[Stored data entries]

[Start of Attachment]

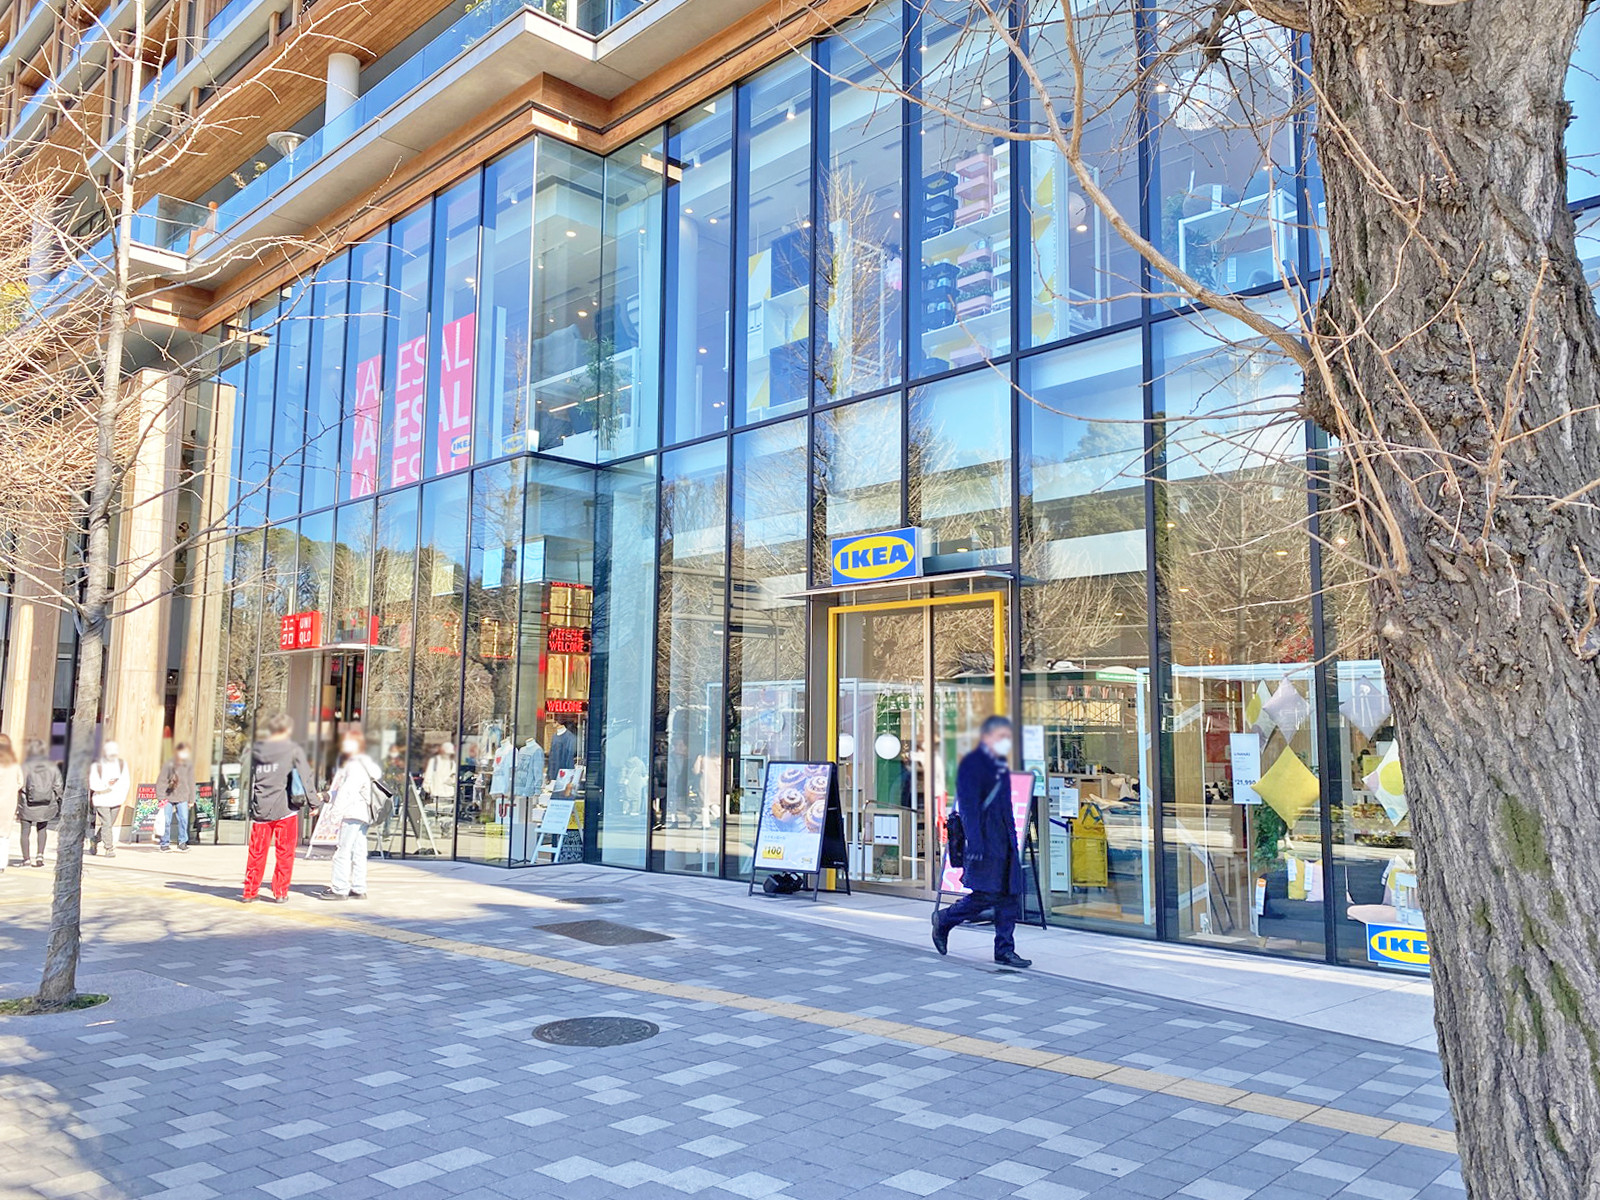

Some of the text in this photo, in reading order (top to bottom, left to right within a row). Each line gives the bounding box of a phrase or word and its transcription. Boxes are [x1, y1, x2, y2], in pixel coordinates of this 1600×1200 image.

[356, 361, 379, 406] A
[353, 415, 376, 460] A
[453, 440, 471, 451] IKE
[840, 543, 909, 570] IKEA
[299, 616, 312, 629] UNI
[299, 630, 312, 645] QLO
[549, 640, 584, 652] WELCOME
[546, 700, 583, 713] WELCOME
[1377, 935, 1430, 955] IKE
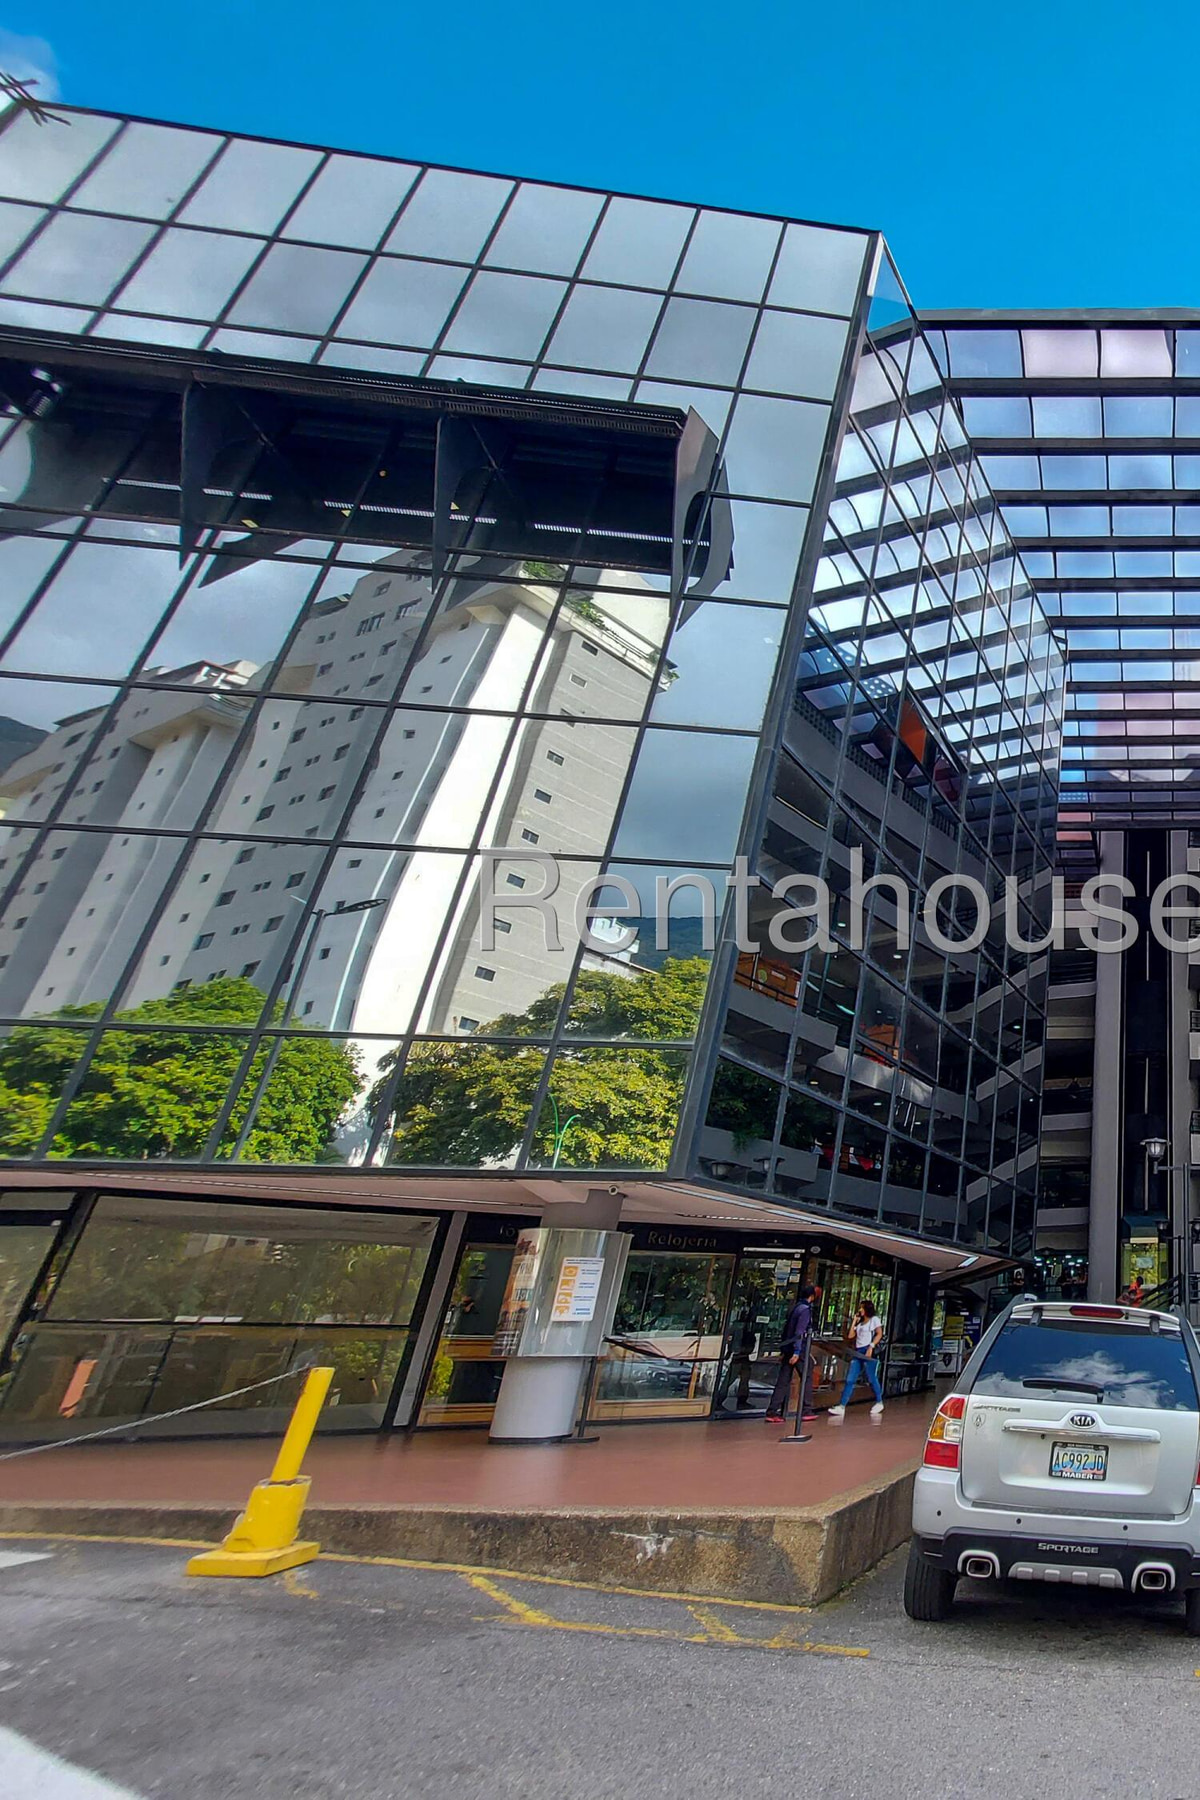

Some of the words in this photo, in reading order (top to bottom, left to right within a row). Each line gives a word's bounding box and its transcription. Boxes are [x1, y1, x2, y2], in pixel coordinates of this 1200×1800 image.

[1073, 1415, 1092, 1425] KIA
[1053, 1452, 1104, 1471] AC992JD
[1037, 1542, 1099, 1554] SPORTAGE
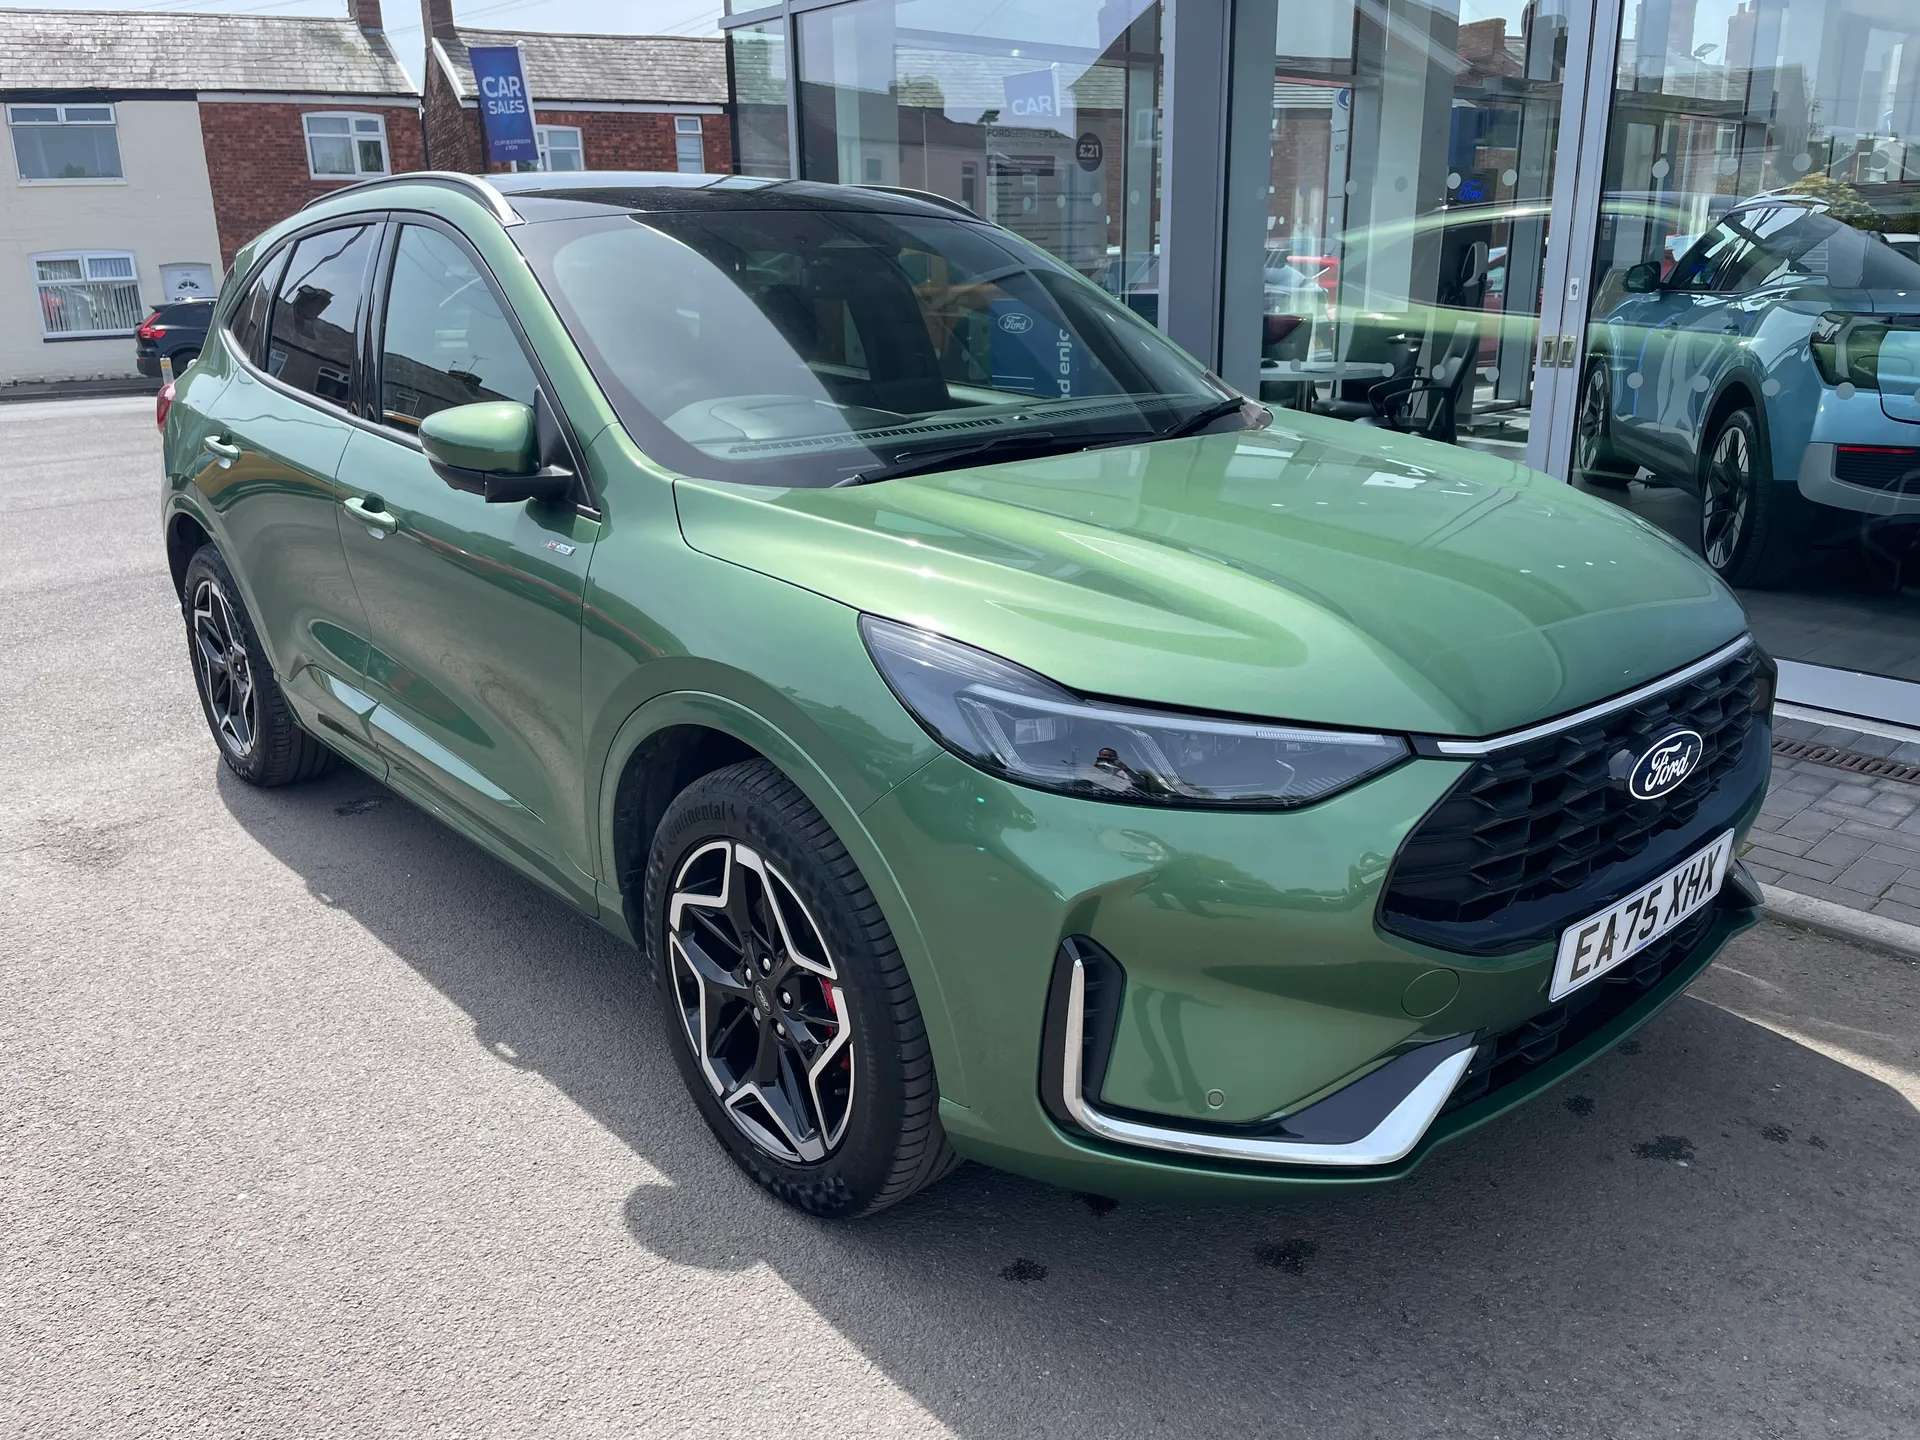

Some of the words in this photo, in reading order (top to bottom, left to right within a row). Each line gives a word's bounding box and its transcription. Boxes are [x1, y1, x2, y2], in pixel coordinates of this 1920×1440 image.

[482, 76, 522, 98] CAR
[487, 99, 526, 115] SALES
[1012, 95, 1053, 116] CAR
[1079, 144, 1100, 158] £21
[1643, 740, 1694, 793] Ford
[1569, 885, 1664, 983] EA75
[1663, 844, 1723, 925] XHX

[End of Attachment]

What the exercise asks:
Reproduce each entry precisely; the pictures stay out.

Solution to this exercise:
Some of the text in this photo, in reading order (top to bottom, left to right within a row). Each line gives the bounding box of a phrase or word and its transcription. Boxes are [x1, y1, x2, y2], in pixel coordinates of this 1600×1200 image.

[356, 361, 379, 406] A
[353, 415, 376, 460] A
[453, 440, 471, 451] IKE
[840, 543, 909, 570] IKEA
[299, 616, 312, 629] UNI
[299, 630, 312, 645] QLO
[549, 640, 584, 652] WELCOME
[546, 700, 583, 713] WELCOME
[1377, 935, 1430, 955] IKE

Some of the words in this photo, in reading order (top to bottom, left to right within a row). Each line gives a word's bounding box and its transcription. Boxes are [x1, y1, x2, y2], in pixel coordinates of this 1200×1800 image.

[1073, 1415, 1092, 1425] KIA
[1053, 1452, 1104, 1471] AC992JD
[1037, 1542, 1099, 1554] SPORTAGE

Some of the words in this photo, in reading order (top to bottom, left to right within a row). Each line gives a word's bounding box and its transcription. Boxes are [x1, y1, x2, y2], in pixel coordinates of this 1920×1440 image.

[482, 76, 522, 98] CAR
[487, 99, 526, 115] SALES
[1012, 95, 1053, 116] CAR
[1079, 144, 1100, 158] £21
[1643, 740, 1694, 793] Ford
[1569, 885, 1664, 983] EA75
[1663, 844, 1723, 925] XHX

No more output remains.